Throughout this, Yeats’s phone had continued to vibrate. He had developed the uncomfortable suspicion that the coincidence of Woolf’s sighting during this meeting might not be due to a delegate. It might be due to Woolf.
“Confide in us,” said Goethe. “We are your allies, William.”
“I do not have the word,” he said. “And Virginia Woolf is dead. Now, I am terribly sorry, but I will not be able to attend our meeting after all. Something unavoidable has come up.”
• • •
He took a chopper cross-town and set down on the DC office helipad. This occupied thirteen minutes. In the meantime, he attempted to coordinate people via his phone. This proved difficult because every few seconds it wanted to tell him about an incoming message, which required a tap to dismiss, and by the time the building was in sight this was what Yeats was spending the majority of his time doing, tapping to return his phone to a useful state. When a computer server became so busy acknowledging incoming requests that it had no time to respond to them, it was called a Denial of Service attack, a DoS. Yeats was being DoSed. He surrendered and put his phone away.

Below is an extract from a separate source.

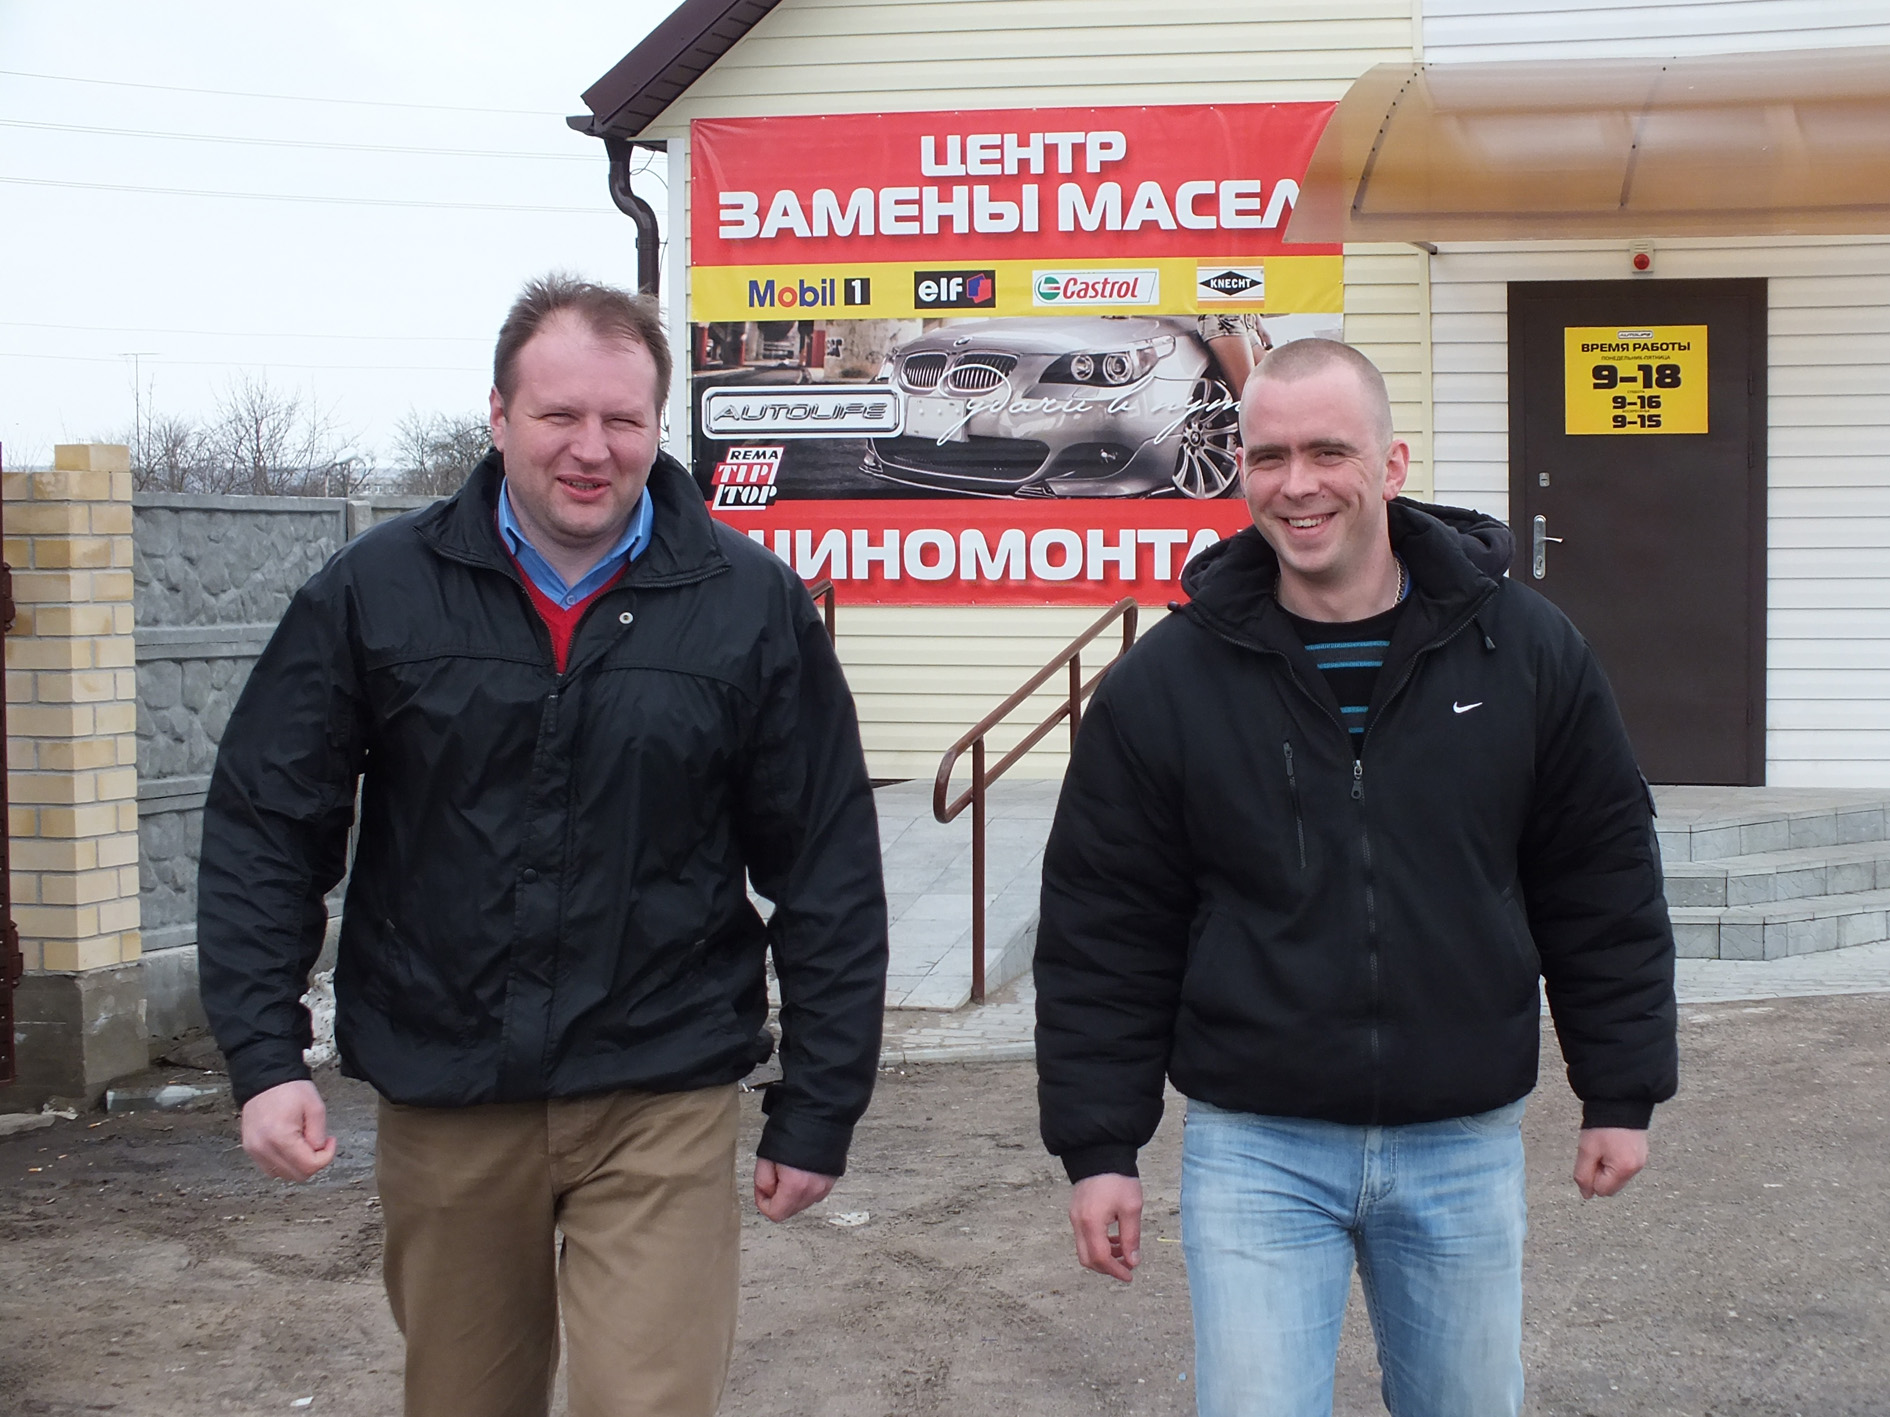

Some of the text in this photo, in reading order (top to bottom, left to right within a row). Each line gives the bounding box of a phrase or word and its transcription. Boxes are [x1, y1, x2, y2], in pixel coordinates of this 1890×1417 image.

Freed from the helicopter, he considered the elevator but opted for the flexibility of stairs. One flight later, he emerged into tastefully muted lighting. His assistant rose from her desk, mouth opening, full of messages. “Not now, thank you, Frances,” he said, and closed the double doors behind him. The lights brightened in response to his presence. This month, his office was a paean to eighteenth-century feudal Japan: paper dividers, low, simple furniture. On the wall behind his desk a samurai sword hung under lights. Yeats ha
d chosen none of this; it was periodically redecorated in a random style, to avoid betraying personal aesthetics. He planted himself behind his desk and tapped the keyboard to wake his screens.
His predecessor hadn’t used a computer. They had been considered secretarial tools. Hard to imagine now. His displays filled with red boxes. Now that the computer’s thresholds had triggered, it was vomiting up sightings from days ago, even weeks, made newly plausible by more recent data. A voiceprint from a hotel in Istanbul. A woman with matching facial characteristics in Vancouver. He inspected the picture: sunglasses, hat, nothing he would bet on, but the computer liked the cheekbones. A taxicab security photo, grainy and desaturated, from a route that corresponded with what the computer was figuring out about Woolf’s movements. That was Seattle, yesterday. The notification boxes were a moving stream but Yeats managed to snag one with a recent time stamp. It was from the building’s security system. Its confidence level was ninety-nine percent. Woolf was outside, right now.
His office had a balcony. He was mildly tempted to go out and peer over the railing, see if he could pick her out. But that would be risky. That was, possibly, what Woolf wanted him to do. There could be a sniping issue. The fact was, as much as he believed he understood Woolf, she had been missing for a year and he had no idea how she had changed.
His phone chimed. He felt rising excitement and waited until it was gone. “Yes?”
“I’m so terribly sorry. But there are so many people who wish to speak to you, and they’re saying quite alarming things.”